• **What to produce**: Only the text belongs in the copy. Transcribe the data exactly and drop any pictures.

▼▼▼

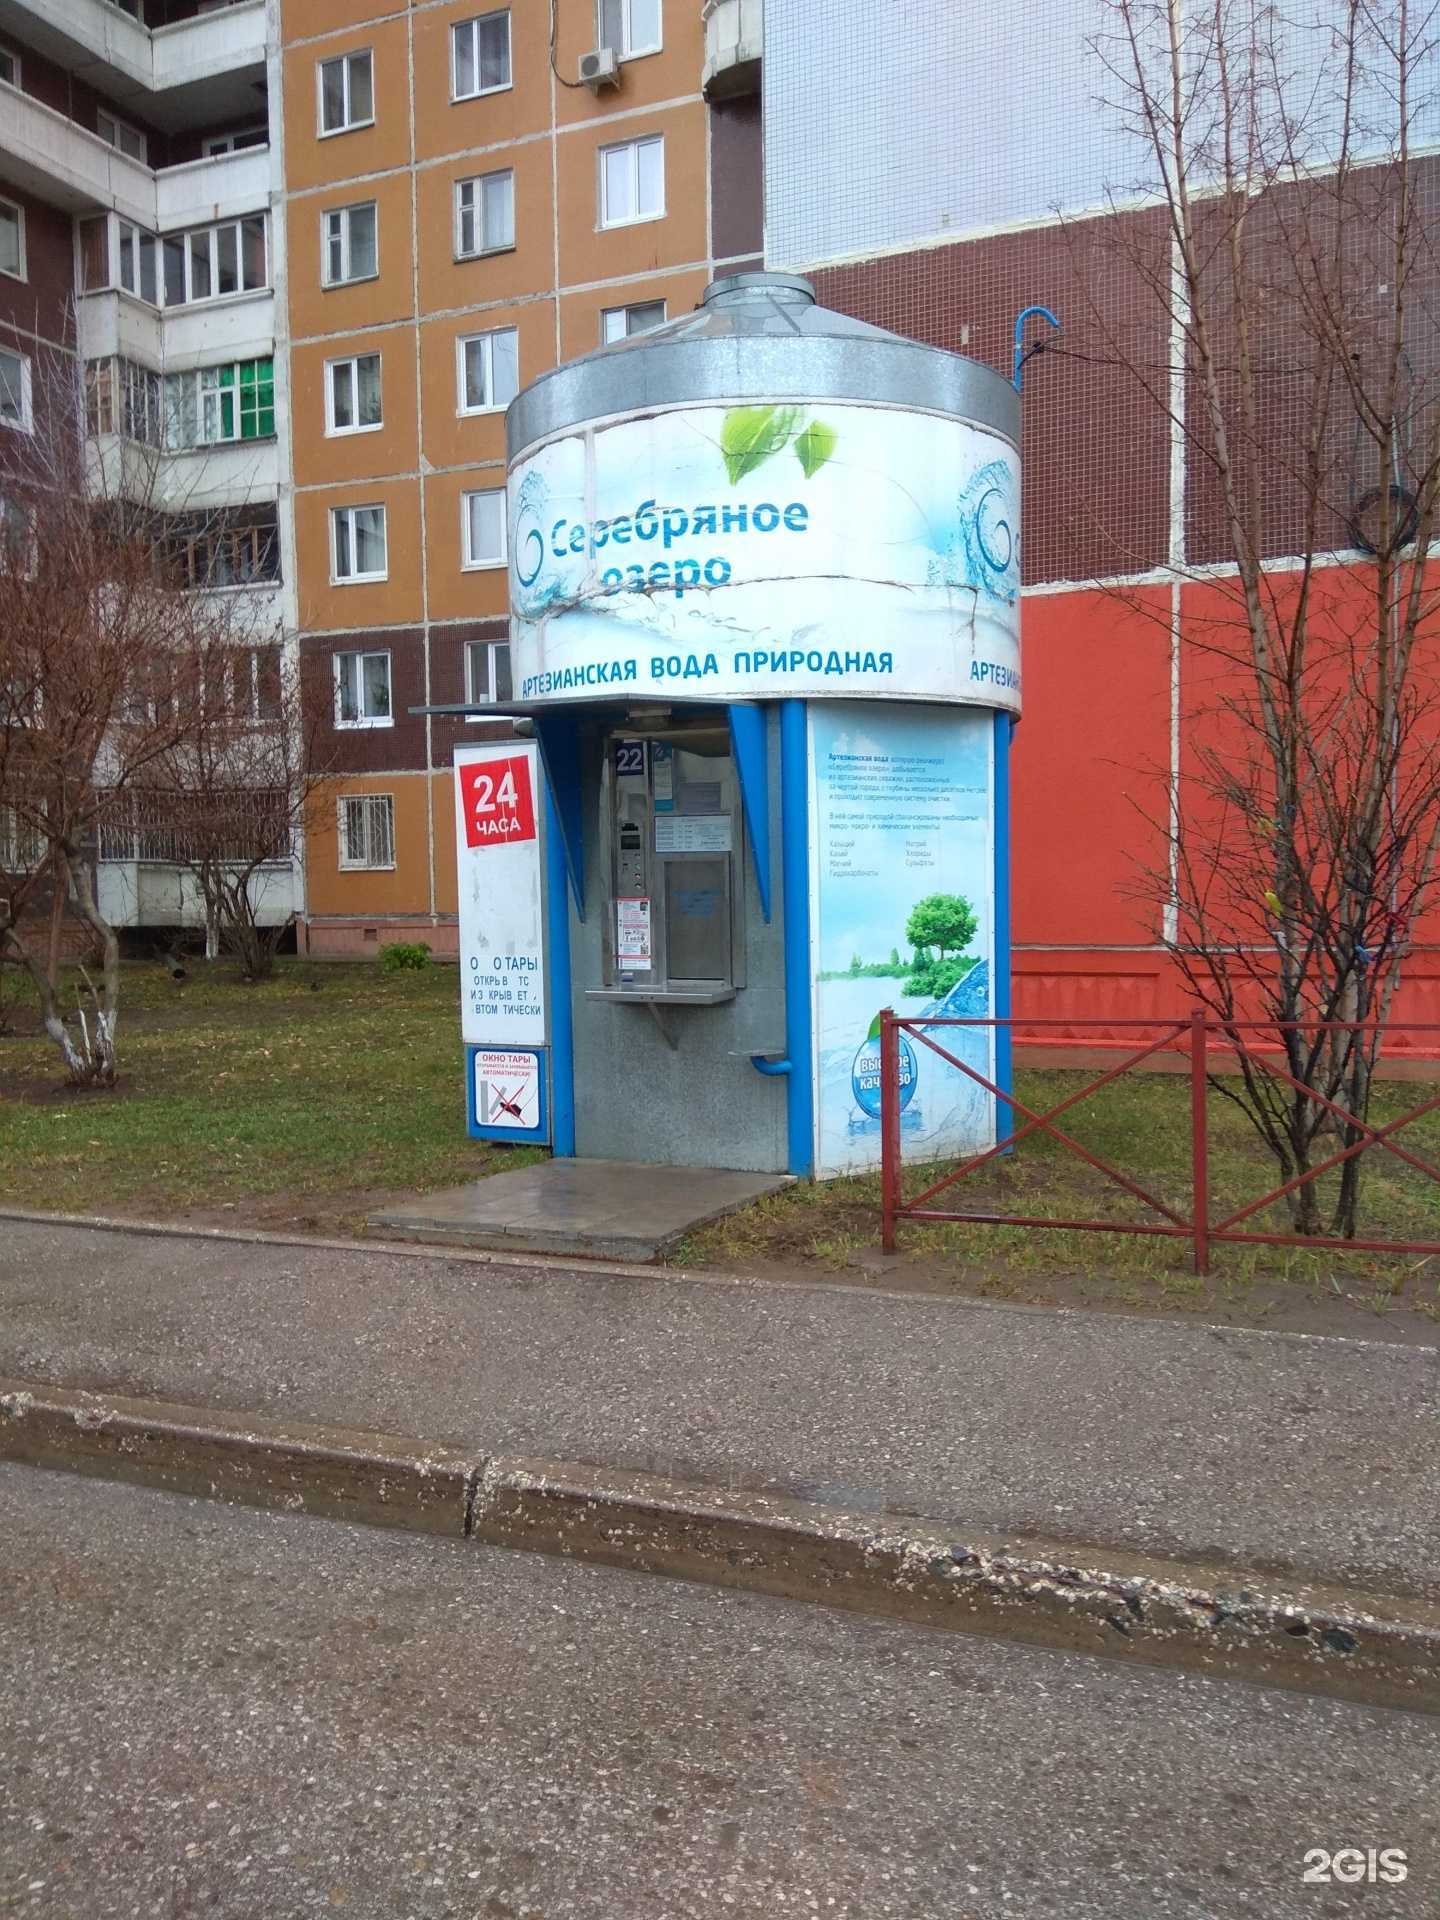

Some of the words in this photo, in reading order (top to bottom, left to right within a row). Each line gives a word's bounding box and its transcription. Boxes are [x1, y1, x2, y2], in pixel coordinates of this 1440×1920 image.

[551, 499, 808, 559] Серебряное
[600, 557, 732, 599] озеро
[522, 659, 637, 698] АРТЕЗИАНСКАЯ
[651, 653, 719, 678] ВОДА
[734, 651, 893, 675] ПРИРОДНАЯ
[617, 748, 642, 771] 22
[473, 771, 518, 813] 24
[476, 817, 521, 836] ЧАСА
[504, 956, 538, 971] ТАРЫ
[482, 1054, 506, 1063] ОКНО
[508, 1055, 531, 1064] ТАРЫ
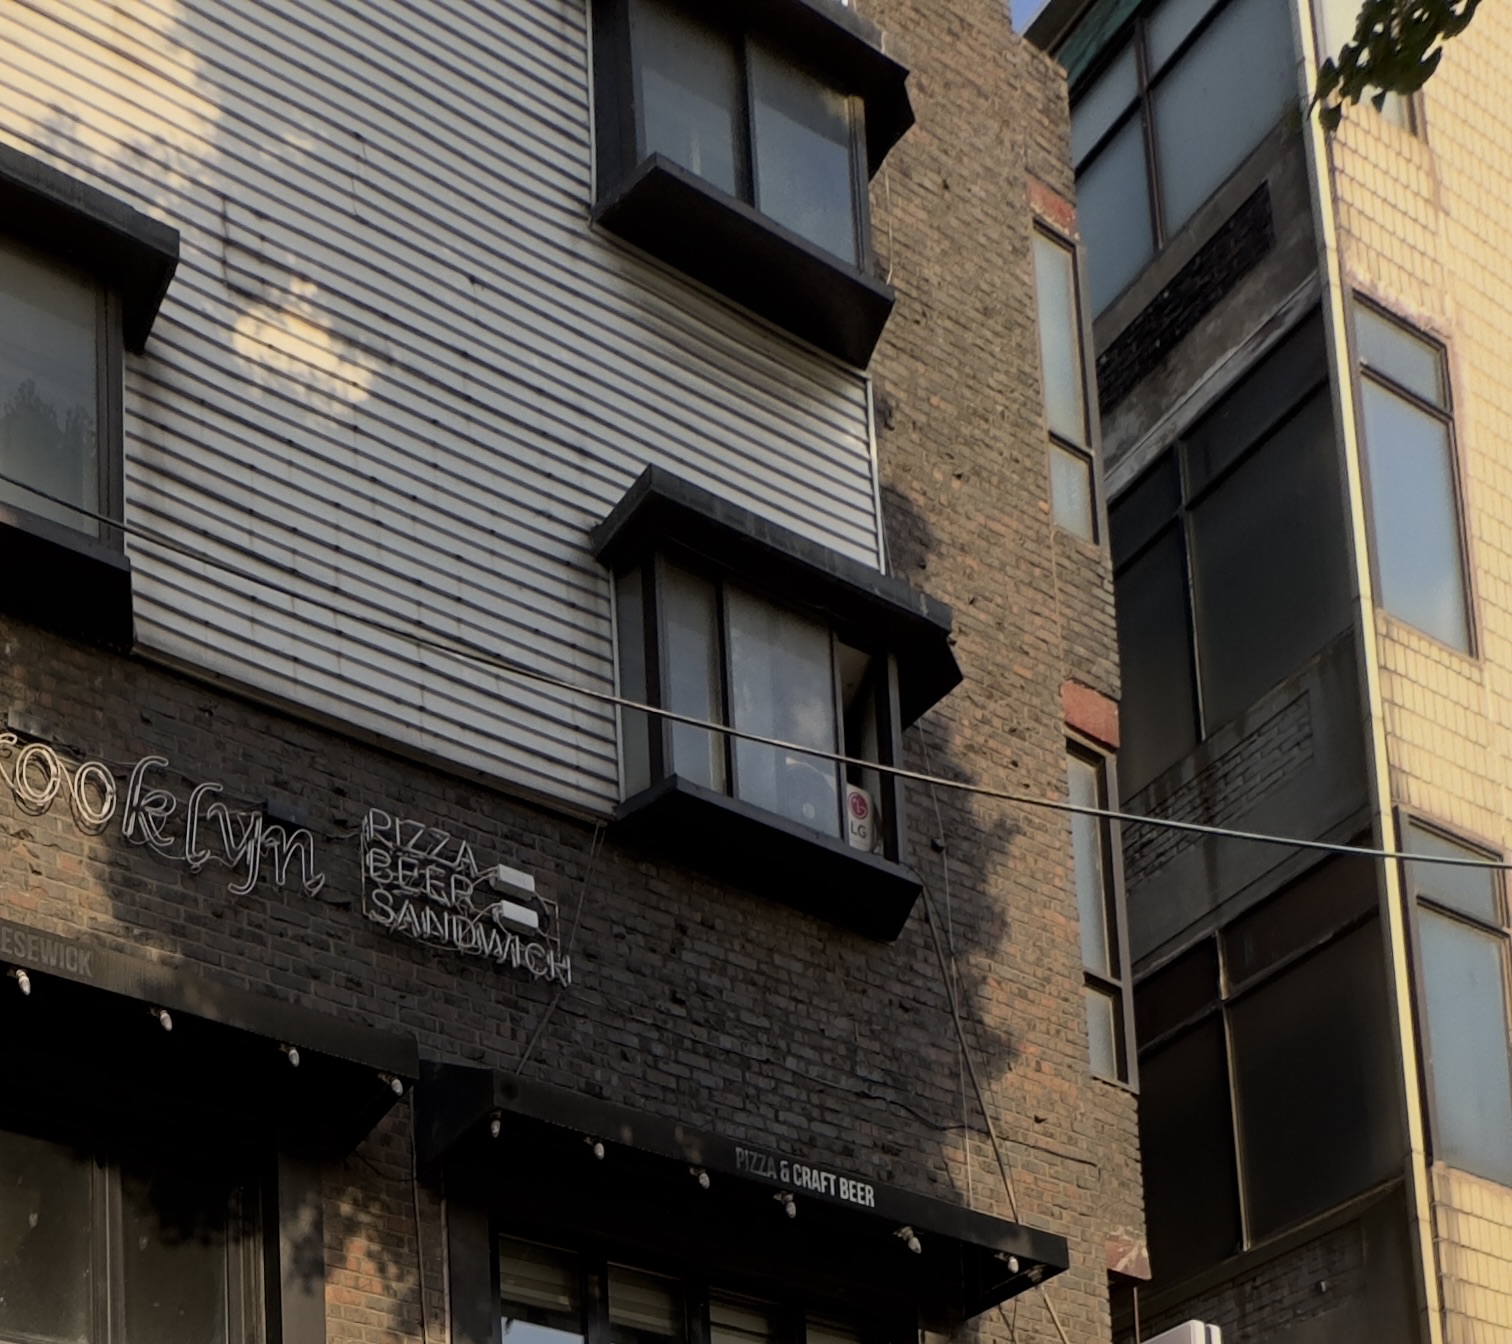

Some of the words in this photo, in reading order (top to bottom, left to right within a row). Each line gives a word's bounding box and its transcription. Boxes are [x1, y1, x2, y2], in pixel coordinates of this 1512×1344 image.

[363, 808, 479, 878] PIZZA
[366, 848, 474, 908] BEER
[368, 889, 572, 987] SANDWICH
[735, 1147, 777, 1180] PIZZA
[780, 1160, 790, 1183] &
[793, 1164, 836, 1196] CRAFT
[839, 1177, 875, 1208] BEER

▲▲▲

• **Finished exercise**:
Some of the words in this photo, in reading order (top to bottom, left to right within a row). Each line gives a word's bounding box and its transcription. Boxes are [x1, y1, x2, y2], in pixel coordinates of this 1440×1920 image.

[551, 499, 808, 559] Серебряное
[600, 557, 732, 599] озеро
[522, 659, 637, 698] АРТЕЗИАНСКАЯ
[651, 653, 719, 678] ВОДА
[734, 651, 893, 675] ПРИРОДНАЯ
[617, 748, 642, 771] 22
[473, 771, 518, 813] 24
[476, 817, 521, 836] ЧАСА
[504, 956, 538, 971] ТАРЫ
[482, 1054, 506, 1063] ОКНО
[508, 1055, 531, 1064] ТАРЫ

Some of the words in this photo, in reading order (top to bottom, left to right within a row). Each line gives a word's bounding box and its transcription. Boxes are [x1, y1, x2, y2], in pixel coordinates of this 1512×1344 image.

[363, 808, 479, 878] PIZZA
[366, 848, 474, 908] BEER
[368, 889, 572, 987] SANDWICH
[735, 1147, 777, 1180] PIZZA
[780, 1160, 790, 1183] &
[793, 1164, 836, 1196] CRAFT
[839, 1177, 875, 1208] BEER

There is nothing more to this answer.